We’ve had a glorious few days exploring the nooks and crannies of the Caldon Canal. The sun shone. The blackberries flourished. The beer flowed. The Felucca dawdled, delighting in the last days of summer.
The forecast is intimidating: tomorrow’s rain promises to be apocalyptic in nature. But we don’t care, because we have a bus trip to Stoke planned (can you imagine our excitement?!). And we have our memories of our little out-and-back jaunt along the Caldon to keep us warm.
This stretch of canal was built by Brindley (Oh yes, him again!) to provide the Trent and Mersey with extra water. Starting from Stoke Etruria, it originally went all the way to Uttoxeter but now stops short of that – just beyond Leek Tunnel on one branch; just beyond Froghall Tunnel on the other. (It’s a bit like the northern line in that it has two ends; I like to think of Leek as High Barnet and Froghall as Edgware.)

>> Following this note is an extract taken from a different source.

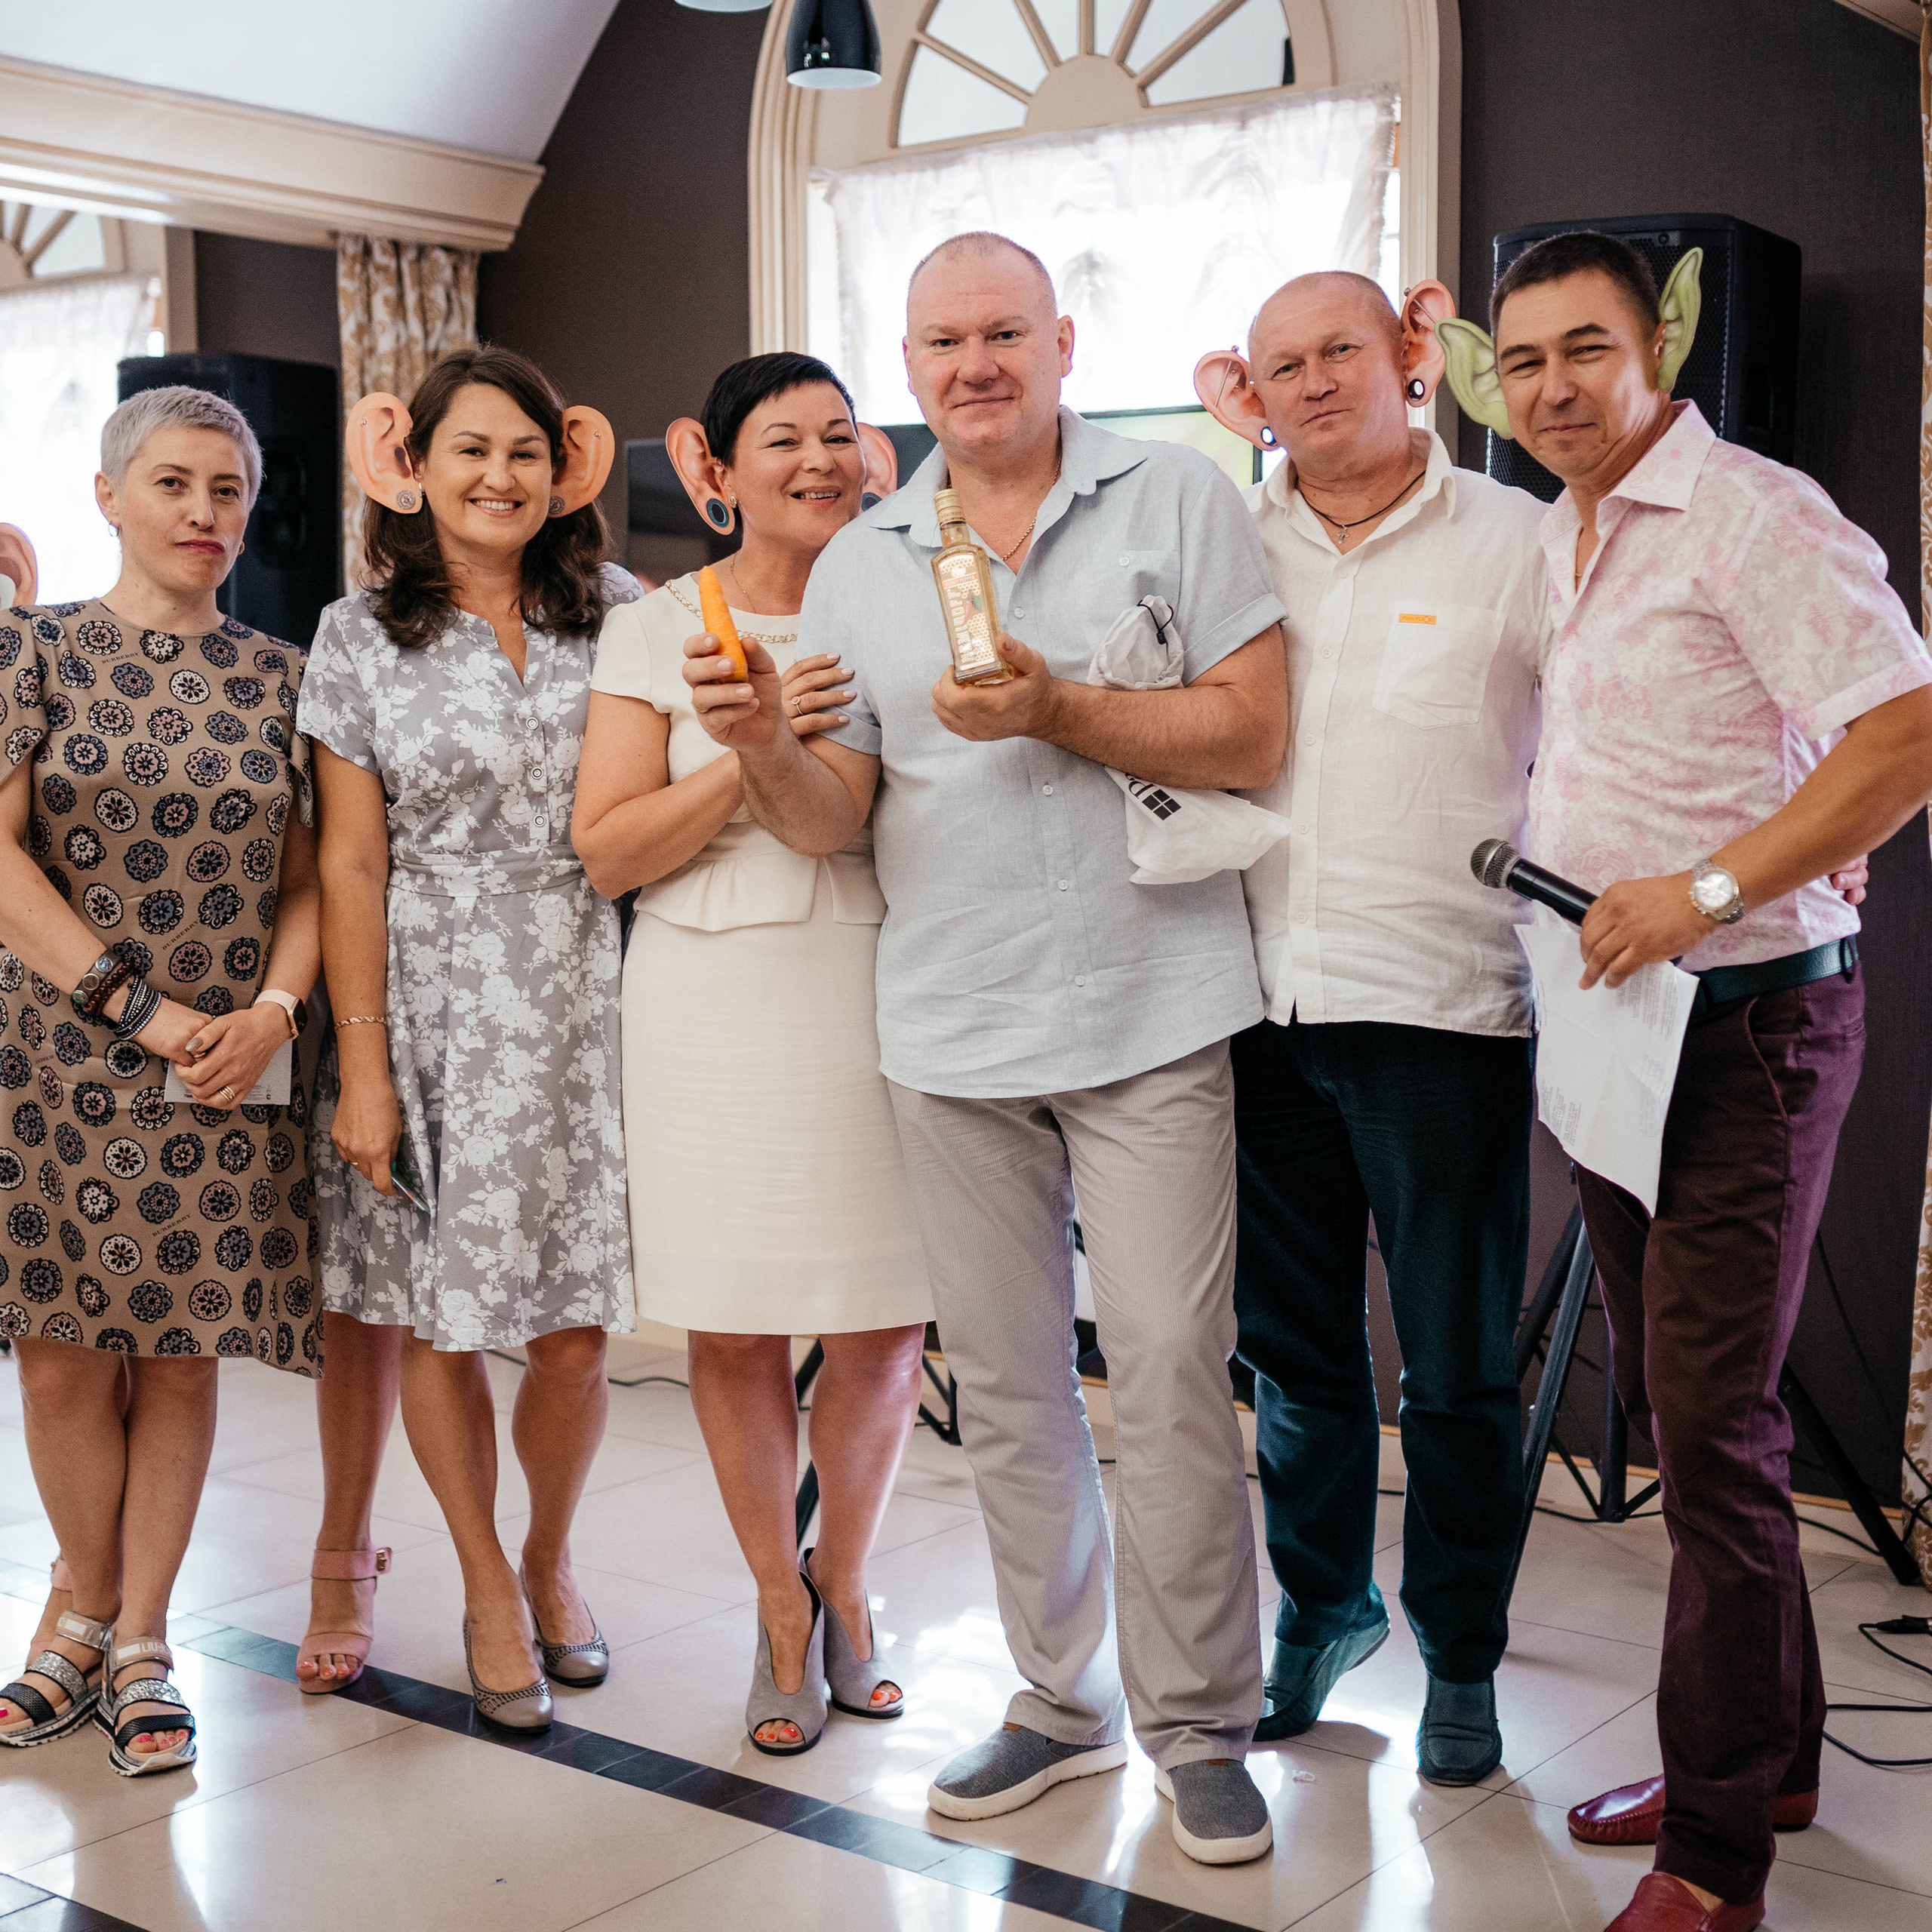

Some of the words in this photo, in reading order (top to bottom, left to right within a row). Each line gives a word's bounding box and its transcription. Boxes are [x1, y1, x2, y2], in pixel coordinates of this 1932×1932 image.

It’s a right old mix of everything that the canals have to offer. There’s the interesting architecture (Stoke’s potteries). There’s the market town with frabjous local oatcakes (Leek). There’s a crazy tunnel at Froghall, even smaller than Standedge, which we couldn’t fit through. There’s the pools and the limekilns and the ridges of limestone and the glorious trees that don’t care it’s nearly autumn, and the river Churnet. There’s the secret valley: so deep there is no phone or internet reception and barely any houses or roads – to get to the nearest pub you have to drive three miles down a private road – but it’s full of glorious game birds, sweeping fields, the sound of running water… Apparently it’s called the Staffordshire Switzerland and I can see why. And then there’s the pubs. Oh the pubs! We moored one night right outside the Holly Bush and two outside the Black Lion. The Black Lion is surrounded by the canal, the river, a mostly disused railway, some evolutionary-confused chickens and no proper roads! How on earth do people get there? How on earth was it so busy? It must have been the quality of the beer and the super bar staff.
And now the winds are starting to rise. The clouds are drawing in. The weather warning has been issued. All we have are our memories and this photo diary of the sun-that-was. (And the Trent and Mersey in a couple of days. That should be fun, too.)